Recently, during a lunch break at a sandwich shop, a homeless man came in to plug in and charge his phone. He sat at the table in front of me and he and the staff were on a first name basis so I guessed that he did this often.
After a few minutes, he began gentle panhandling from his seat. As customers would come in, he’d ask for change. I found myself becoming annoyed. Was he allowed to do that from inside a business? Did the lunch shop let homeless people panhandle inside the building? Even though none of this involved, affected or bothered my lunch, for some reason I began to become frustrated at him, and at them.
And then the bro showed up. A young man walked in and the homeless man asked him for change. The exchange that took place was so surprising that I wrote it down.
“I don’t have anything for you. I don’t just give away money.”
“Maybe a hot chocolate?”
“What am I, your hot chocolate dealer?”
“I don’t know.”
“You know what I know, I know that if you actually went and earned your money and got a job you could afford all the hot chocolate you want.”
“I’m sorry.”
“I worked too hard to just give my money away.”
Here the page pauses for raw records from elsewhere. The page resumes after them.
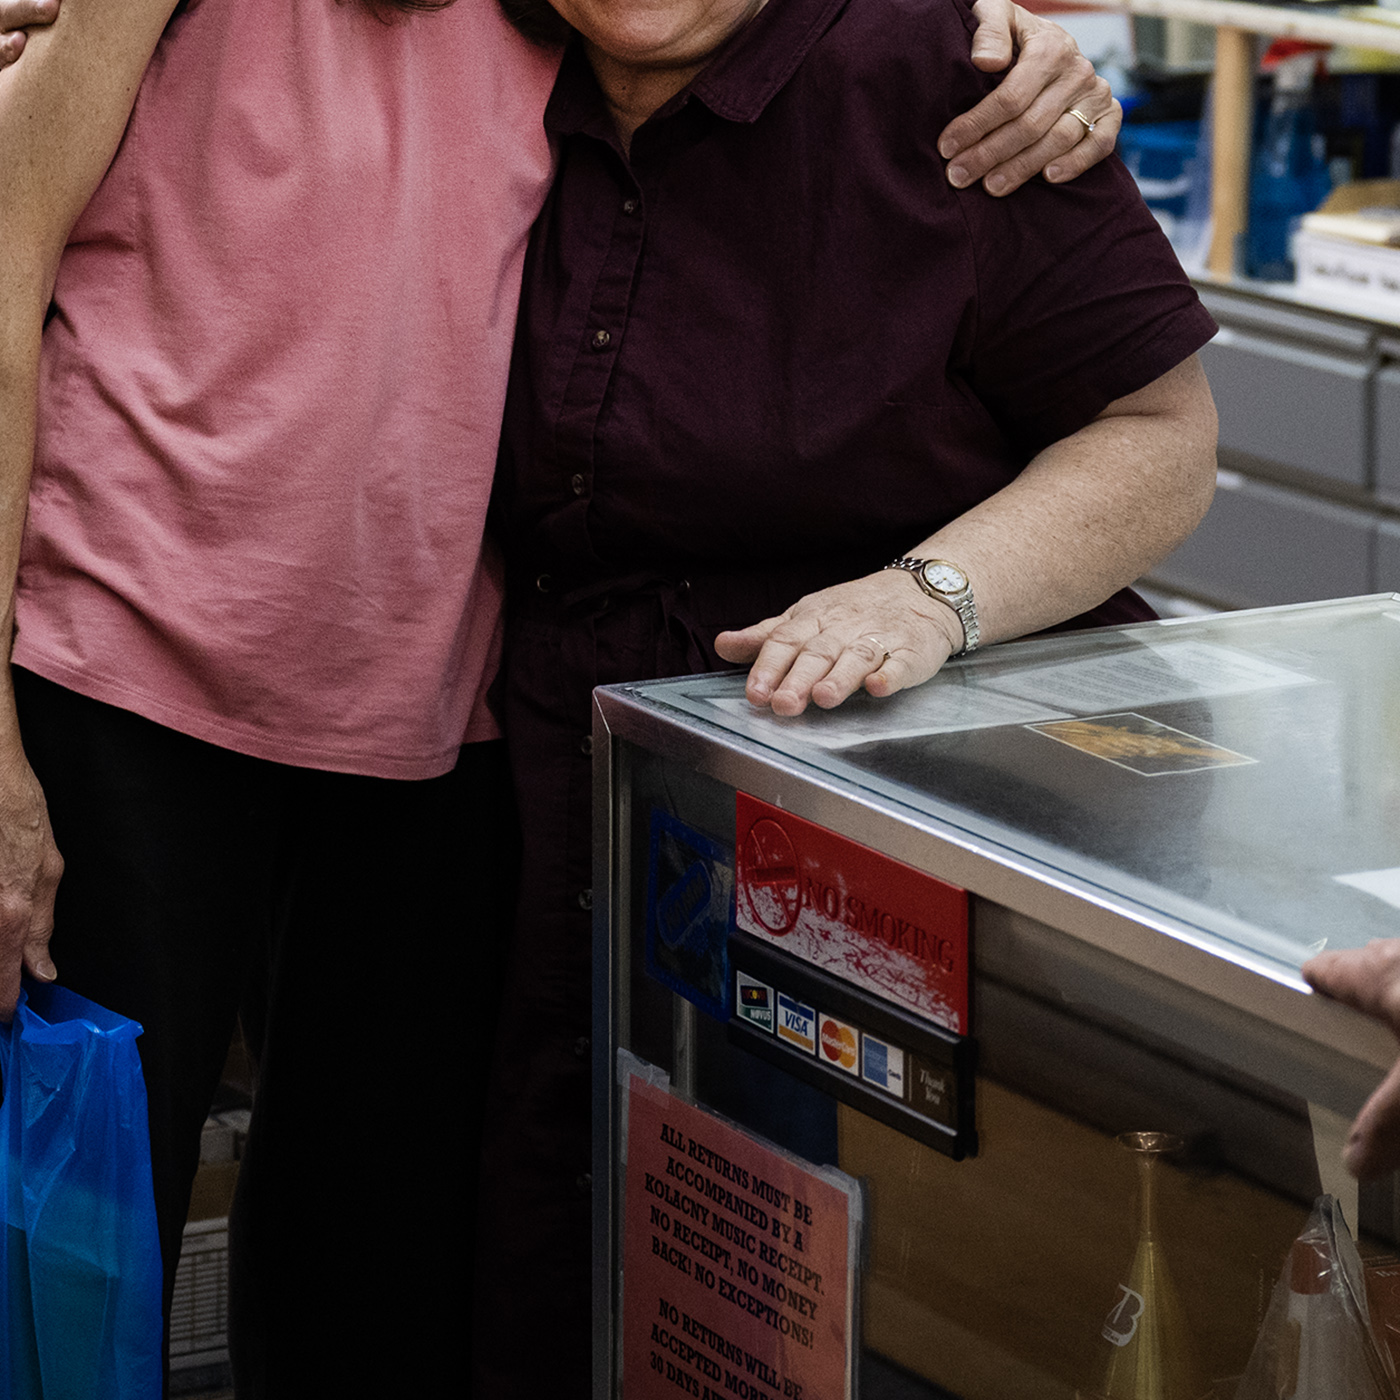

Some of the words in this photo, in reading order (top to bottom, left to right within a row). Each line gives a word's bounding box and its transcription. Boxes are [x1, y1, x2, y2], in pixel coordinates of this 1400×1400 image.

[803, 877, 839, 922] NO
[846, 896, 954, 974] SMOKING
[784, 1010, 809, 1036] VISA
[919, 1068, 946, 1094] Thank
[925, 1085, 941, 1106] You
[660, 1123, 686, 1152] ALL
[688, 1138, 749, 1190] RETURNS
[752, 1175, 791, 1213] MUST
[794, 1199, 813, 1227] BE
[666, 1156, 768, 1231] ACCOMPANIED
[772, 1218, 791, 1244] BY
[794, 1231, 804, 1253] A
[644, 1172, 710, 1226] KOLACNY
[712, 1213, 756, 1255] MUSIC
[759, 1239, 825, 1296] RECEIPT.
[650, 1205, 671, 1232] NO
[672, 1218, 734, 1277] RECEIPT,
[738, 1258, 759, 1287] NO
[762, 1273, 818, 1321] MONEY
[652, 1236, 692, 1276] BACK!
[695, 1262, 716, 1290] NO
[718, 1277, 814, 1350] EXCEPTIONS!
[651, 1323, 722, 1383] ACCEPTED
[651, 1351, 664, 1375] 30
[666, 1360, 699, 1398] DAYS
[659, 1298, 679, 1326] NO
[682, 1313, 743, 1367] RETURNS
[745, 1352, 781, 1391] WILL
[784, 1376, 803, 1400] BE
I want to make a couple points here, and I’ll be up front with you - I don’t have the answers to these questions I’m about to ask, but it’s worth thinking about.
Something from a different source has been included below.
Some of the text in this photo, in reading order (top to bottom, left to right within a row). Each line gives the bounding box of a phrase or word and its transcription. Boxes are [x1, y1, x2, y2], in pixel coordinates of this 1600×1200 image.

First, why punch down? What’s the benefit here? What sort of a miserable life do you lead to just yell at a homeless guy sitting there charging his phone?
And second, in seconds, my feelings flipped from irritation at the homeless guy to rage at the entitled young man.
And then, I thought to myself, but am I any better? What was my action item going to be? Nothing. I’d ignore him like I always did, like we always do. I would have just gone about my business and would have not even remembered him had that other person not become part of the story.
We shrug our shoulders at a lot of things in our everyday lives. Some of it is self-preservation - we’d go insane, literally, if we cared deeply about every ill. Some of it is hopelessness - what can we do about the problem, not much usually.
The young man sat down a couple tables over from the homeless man and calm returned. On my way out, I stopped at the counter and handed the clerk five dollars and asked her take a hot chocolate out to the homeless man, and then I left.
That won’t fix anything. It’s not a hero move. It didn’t make me feel better and I’m not a better person for doing that. But, I hoped that the young guy two tables over saw it when that hot chocolate arrived. And maybe next time I’ll stop and at least take a breath before walking away.
Just a few thoughts re our general discomfort with the people in our midst. Thank you, Dan, for framing your thoughts into questions. I think they help us all wrestle with the tough things all around us. We can reply or not, without being told how to think. I find it hard to be in a situation like the one you described when homelessness or some form of poverty enters our comfort zone. For me, it's because I know I can't fix it, as much as I wish I could. I kinda like how the coffee shop lets their customers do the deciding when someone in question, (apparently non-violent) asks for help. Some people handle dis-ease better than others, and I too am disappointed in a society where a "have" chooses to denigrate a "have not." Sadly, I would guess that the one asking for help has probably been treated this way before. It doesn't make it right. What it does do is exemplify the society we're living in. And the scenario leaves out that anyone can fall from grace. Maybe more common than we think, even those with a pedigree of work and education can find themselves needing society's good will. It troubles me, and I also don't really know how I would have responded. His ask for money doesn't obligate us. It calms me a bit to recognize that.Still, I need to ask, what is decency? Is there something each of us can do to, one decent move at a time, to change the society that we see through this scenario? I'd like to say that I would just talk to the guy, smile, wish him a good day, hope that his charged phone allows him a better connection for living his day, maybe mention that this coffee shop seems like a good place for him. Would that change the reality that the poor are with us? No. I think it does accept it though. Would my response make a difference for one person's day, and maybe model good behavior to others? I'm not really sure. But that's just what I, on a good day, would do, I think. Kinda like making a silent donation for a cup of cocoa. Thanks!
Relative to the 'bro' and his attitude, buying that poor unhoused man a hot chocolate was a hero move.